--- The data Enclosed Below ---
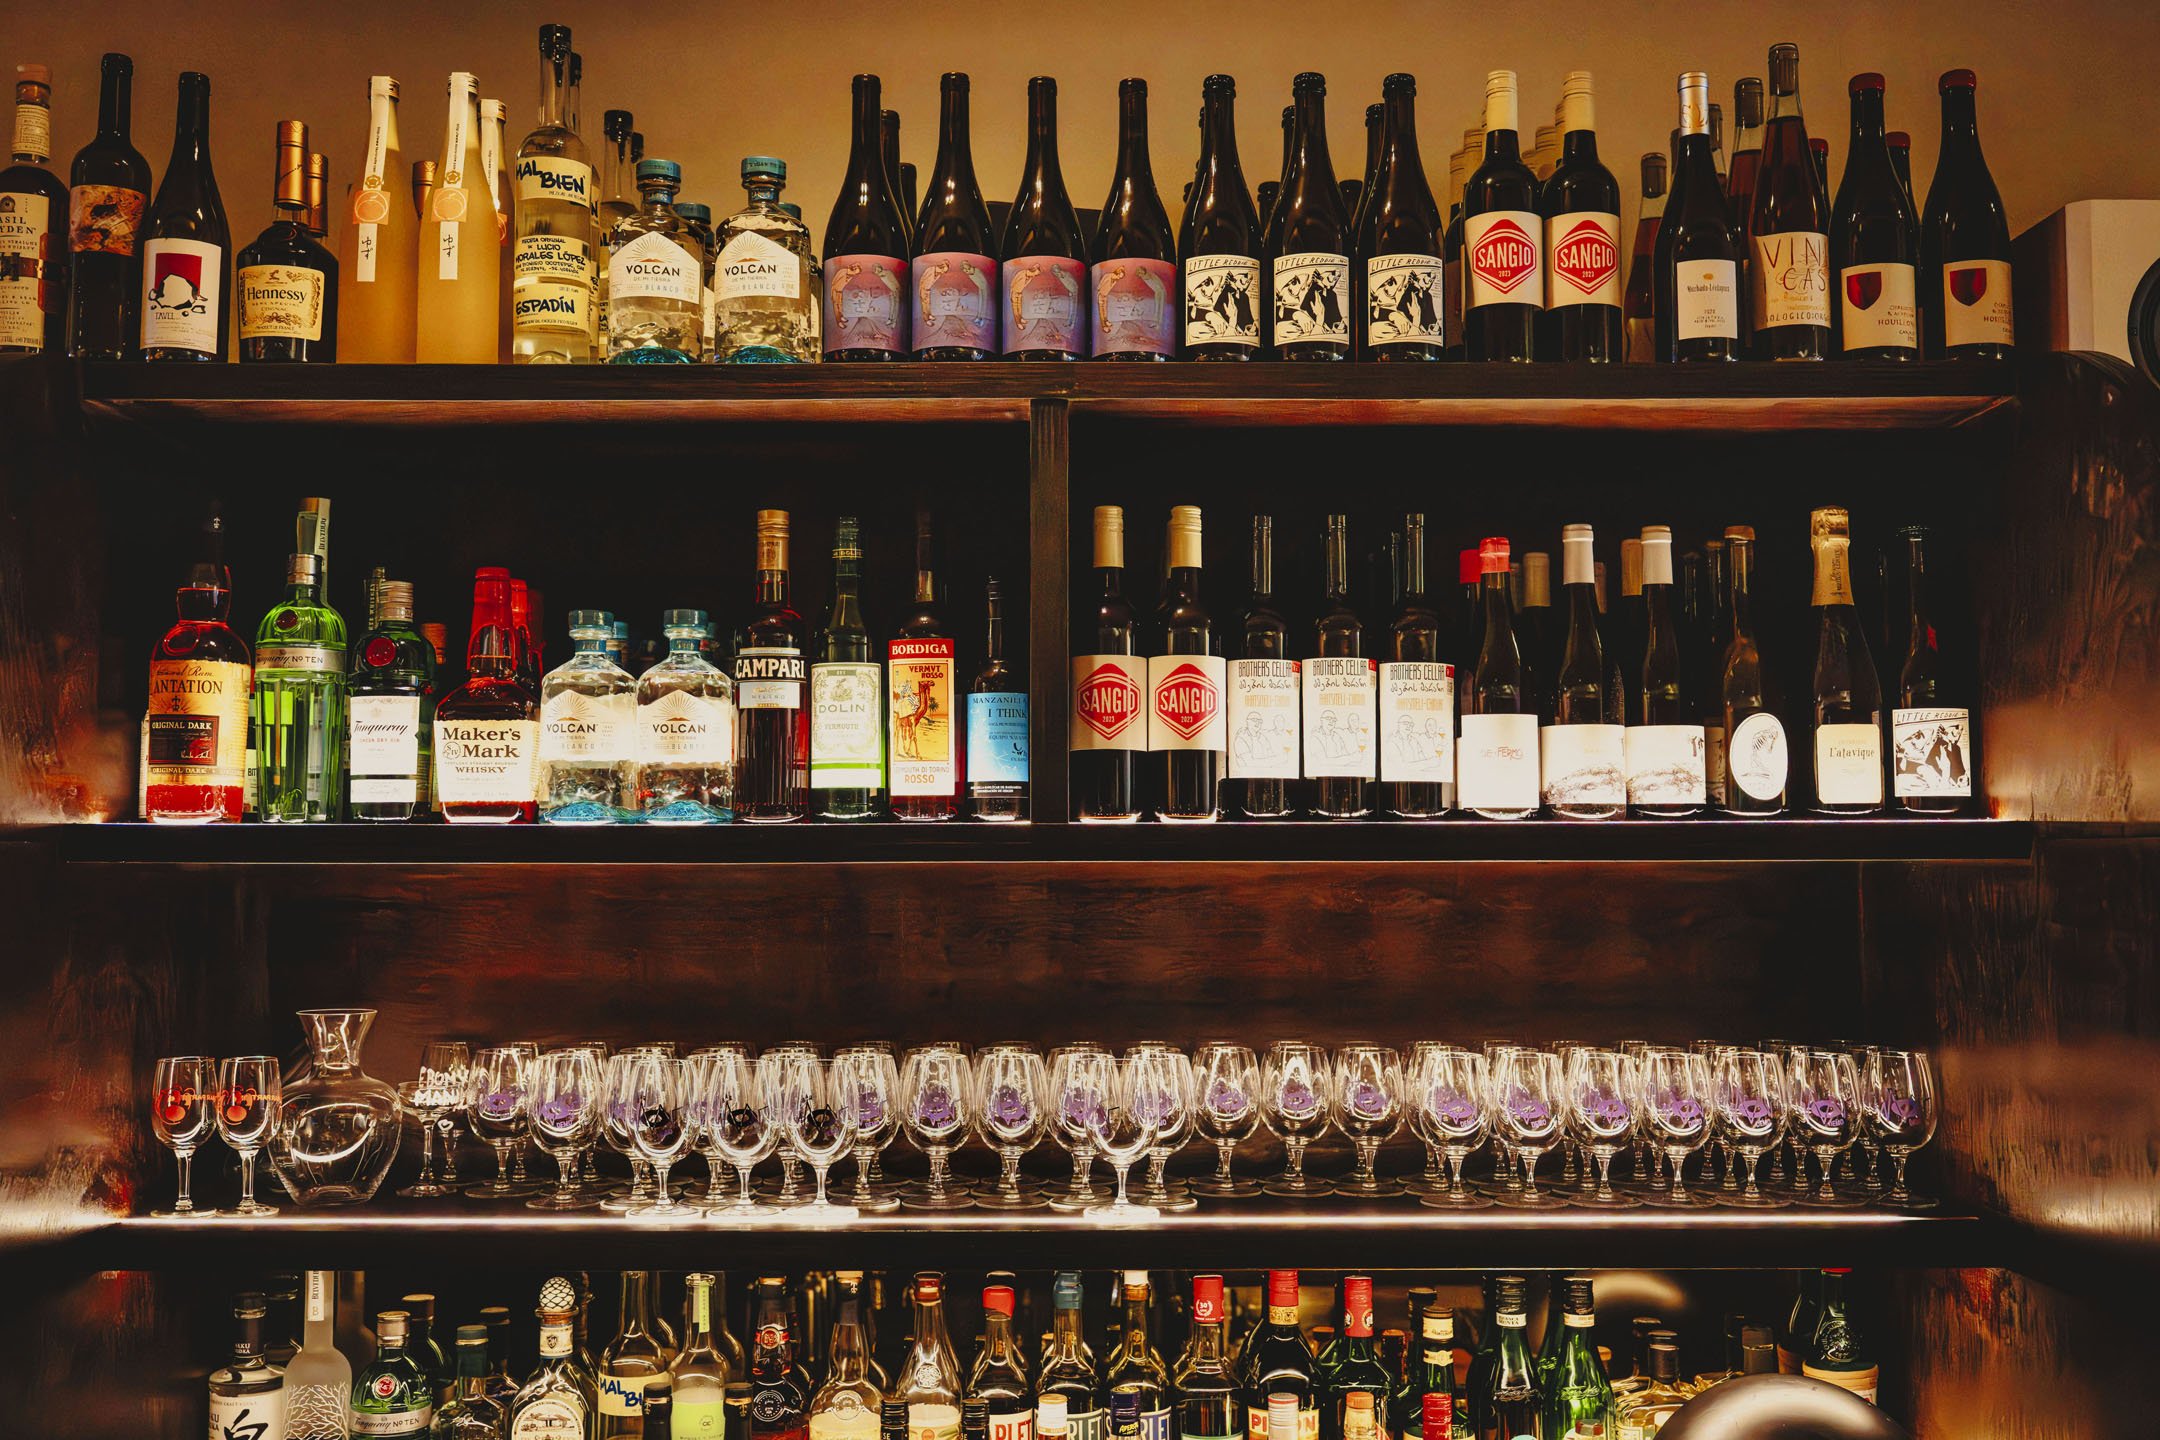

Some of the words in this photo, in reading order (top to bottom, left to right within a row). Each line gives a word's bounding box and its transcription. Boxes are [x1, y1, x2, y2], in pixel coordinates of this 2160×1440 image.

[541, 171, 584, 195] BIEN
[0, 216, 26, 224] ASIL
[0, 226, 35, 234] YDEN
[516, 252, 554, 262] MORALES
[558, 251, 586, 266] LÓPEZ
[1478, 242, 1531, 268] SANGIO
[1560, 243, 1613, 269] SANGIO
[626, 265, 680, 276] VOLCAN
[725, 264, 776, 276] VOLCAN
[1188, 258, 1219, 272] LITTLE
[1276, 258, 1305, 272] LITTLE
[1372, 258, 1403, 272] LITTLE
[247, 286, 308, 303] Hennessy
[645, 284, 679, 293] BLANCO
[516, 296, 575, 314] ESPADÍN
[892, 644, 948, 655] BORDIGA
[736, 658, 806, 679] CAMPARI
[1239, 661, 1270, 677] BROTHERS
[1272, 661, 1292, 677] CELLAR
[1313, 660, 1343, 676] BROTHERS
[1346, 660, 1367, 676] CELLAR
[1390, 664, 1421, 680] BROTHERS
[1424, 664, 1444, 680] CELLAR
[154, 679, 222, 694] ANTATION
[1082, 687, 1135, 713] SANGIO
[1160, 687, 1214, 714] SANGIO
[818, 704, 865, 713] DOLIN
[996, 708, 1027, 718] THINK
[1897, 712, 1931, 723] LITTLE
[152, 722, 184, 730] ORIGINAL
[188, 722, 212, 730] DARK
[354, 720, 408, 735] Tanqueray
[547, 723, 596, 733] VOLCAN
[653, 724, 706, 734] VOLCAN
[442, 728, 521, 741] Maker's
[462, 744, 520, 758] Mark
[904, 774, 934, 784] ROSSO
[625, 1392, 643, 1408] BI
--- End of Enclosed The data ---
** Task instructions **
Repeat the data exactly as given. Keep every picture out of the copy.

** Result of this task **
Some of the words in this photo, in reading order (top to bottom, left to right within a row). Each line gives a word's bounding box and its transcription. Boxes are [x1, y1, x2, y2], in pixel coordinates of this 2160×1440 image.

[541, 171, 584, 195] BIEN
[0, 216, 26, 224] ASIL
[0, 226, 35, 234] YDEN
[516, 252, 554, 262] MORALES
[558, 251, 586, 266] LÓPEZ
[1478, 242, 1531, 268] SANGIO
[1560, 243, 1613, 269] SANGIO
[626, 265, 680, 276] VOLCAN
[725, 264, 776, 276] VOLCAN
[1188, 258, 1219, 272] LITTLE
[1276, 258, 1305, 272] LITTLE
[1372, 258, 1403, 272] LITTLE
[247, 286, 308, 303] Hennessy
[645, 284, 679, 293] BLANCO
[516, 296, 575, 314] ESPADÍN
[892, 644, 948, 655] BORDIGA
[736, 658, 806, 679] CAMPARI
[1239, 661, 1270, 677] BROTHERS
[1272, 661, 1292, 677] CELLAR
[1313, 660, 1343, 676] BROTHERS
[1346, 660, 1367, 676] CELLAR
[1390, 664, 1421, 680] BROTHERS
[1424, 664, 1444, 680] CELLAR
[154, 679, 222, 694] ANTATION
[1082, 687, 1135, 713] SANGIO
[1160, 687, 1214, 714] SANGIO
[818, 704, 865, 713] DOLIN
[996, 708, 1027, 718] THINK
[1897, 712, 1931, 723] LITTLE
[152, 722, 184, 730] ORIGINAL
[188, 722, 212, 730] DARK
[354, 720, 408, 735] Tanqueray
[547, 723, 596, 733] VOLCAN
[653, 724, 706, 734] VOLCAN
[442, 728, 521, 741] Maker's
[462, 744, 520, 758] Mark
[904, 774, 934, 784] ROSSO
[625, 1392, 643, 1408] BI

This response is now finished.